Exact copy required. Repeat the records, but keep the pictures out.

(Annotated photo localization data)
+ + +
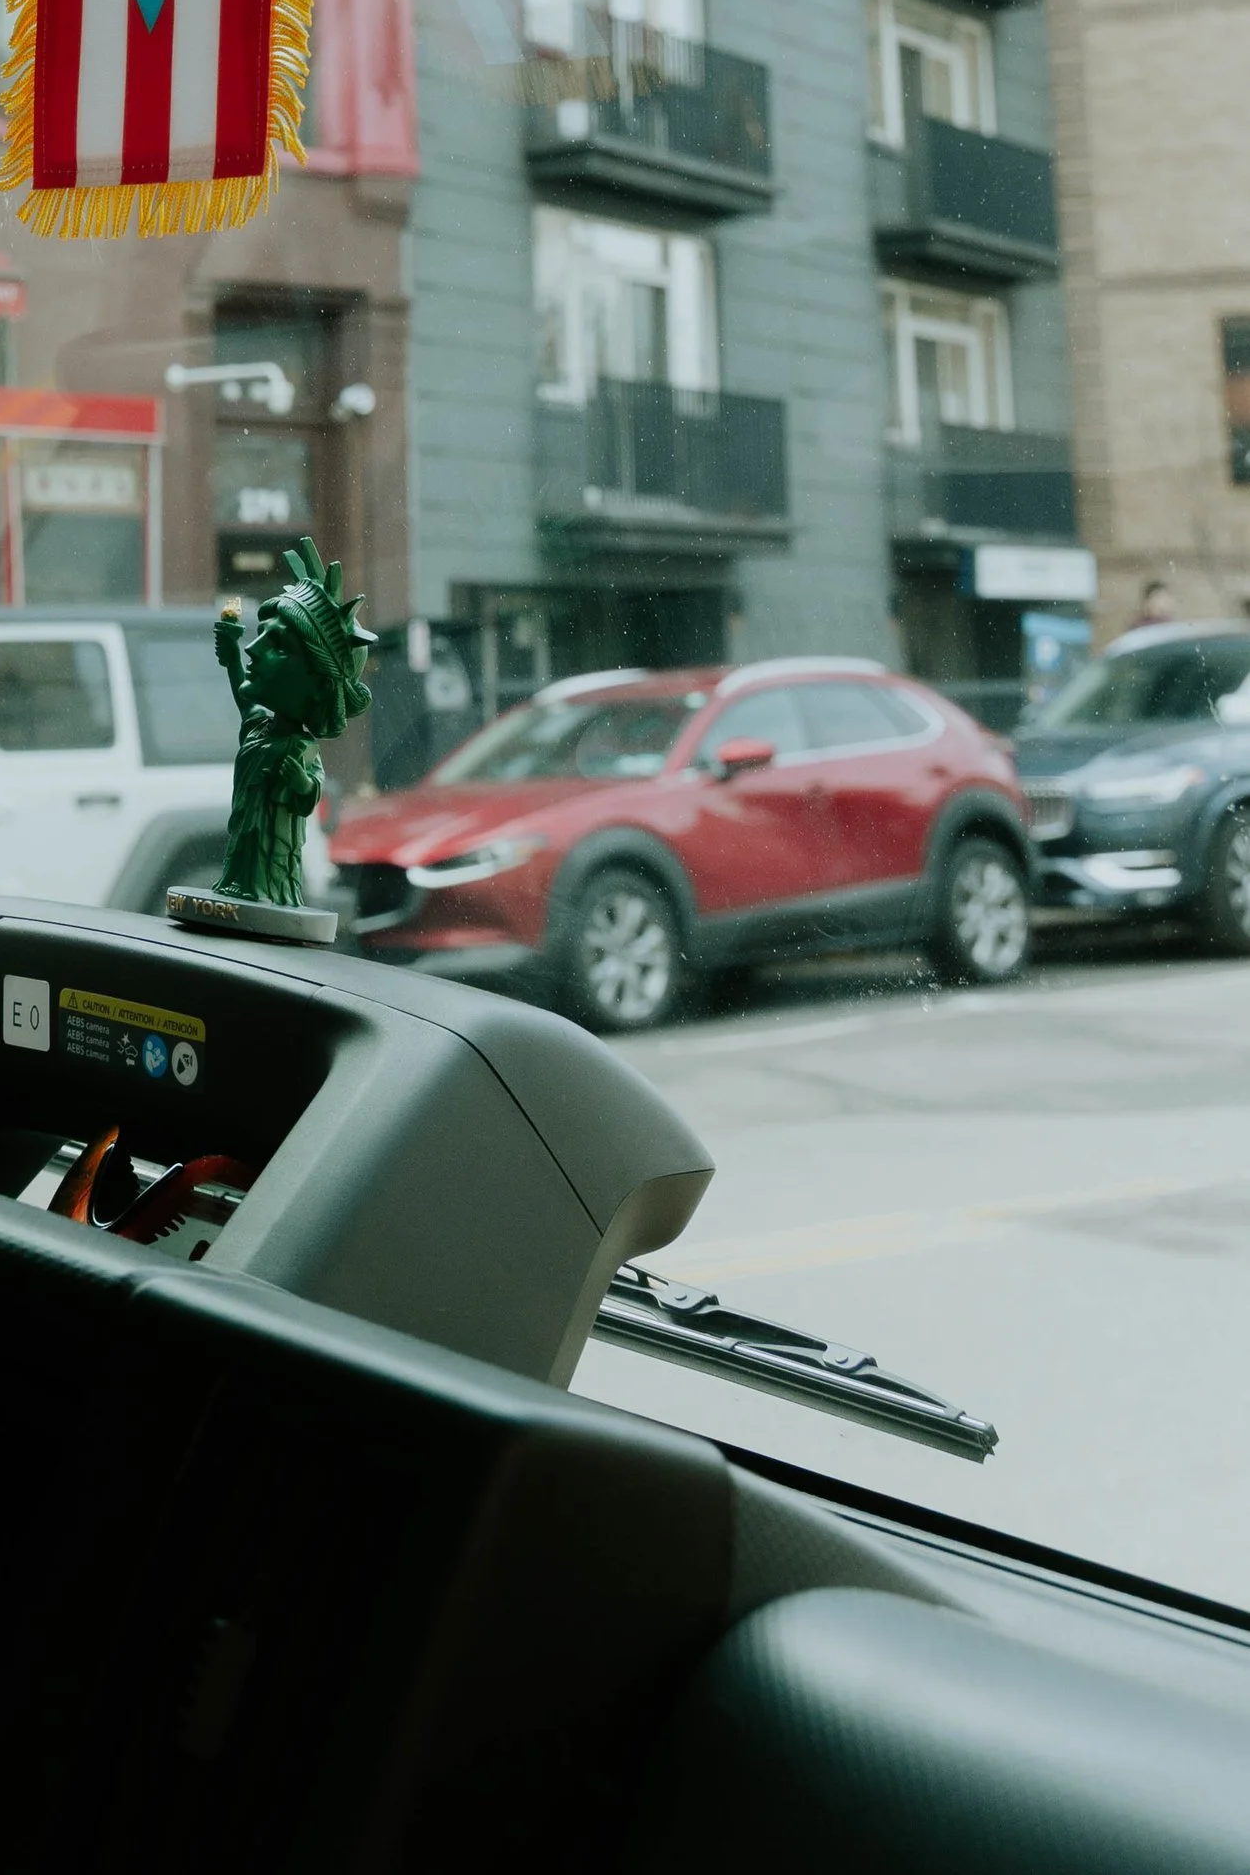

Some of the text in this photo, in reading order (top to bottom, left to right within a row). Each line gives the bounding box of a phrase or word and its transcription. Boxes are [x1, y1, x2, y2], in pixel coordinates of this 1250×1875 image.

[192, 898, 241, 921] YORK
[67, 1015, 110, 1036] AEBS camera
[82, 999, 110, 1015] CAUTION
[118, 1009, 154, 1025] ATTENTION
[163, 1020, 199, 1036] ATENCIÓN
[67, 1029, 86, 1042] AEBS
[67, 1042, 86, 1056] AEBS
+ + +
[EXERCISE SOLUTION]
Some of the text in this photo, in reading order (top to bottom, left to right within a row). Each line gives the bounding box of a phrase or word and its transcription. Boxes are [x1, y1, x2, y2], in pixel coordinates of this 1250×1875 image.

[192, 898, 241, 921] YORK
[67, 1015, 110, 1036] AEBS camera
[82, 999, 110, 1015] CAUTION
[118, 1009, 154, 1025] ATTENTION
[163, 1020, 199, 1036] ATENCIÓN
[67, 1029, 86, 1042] AEBS
[67, 1042, 86, 1056] AEBS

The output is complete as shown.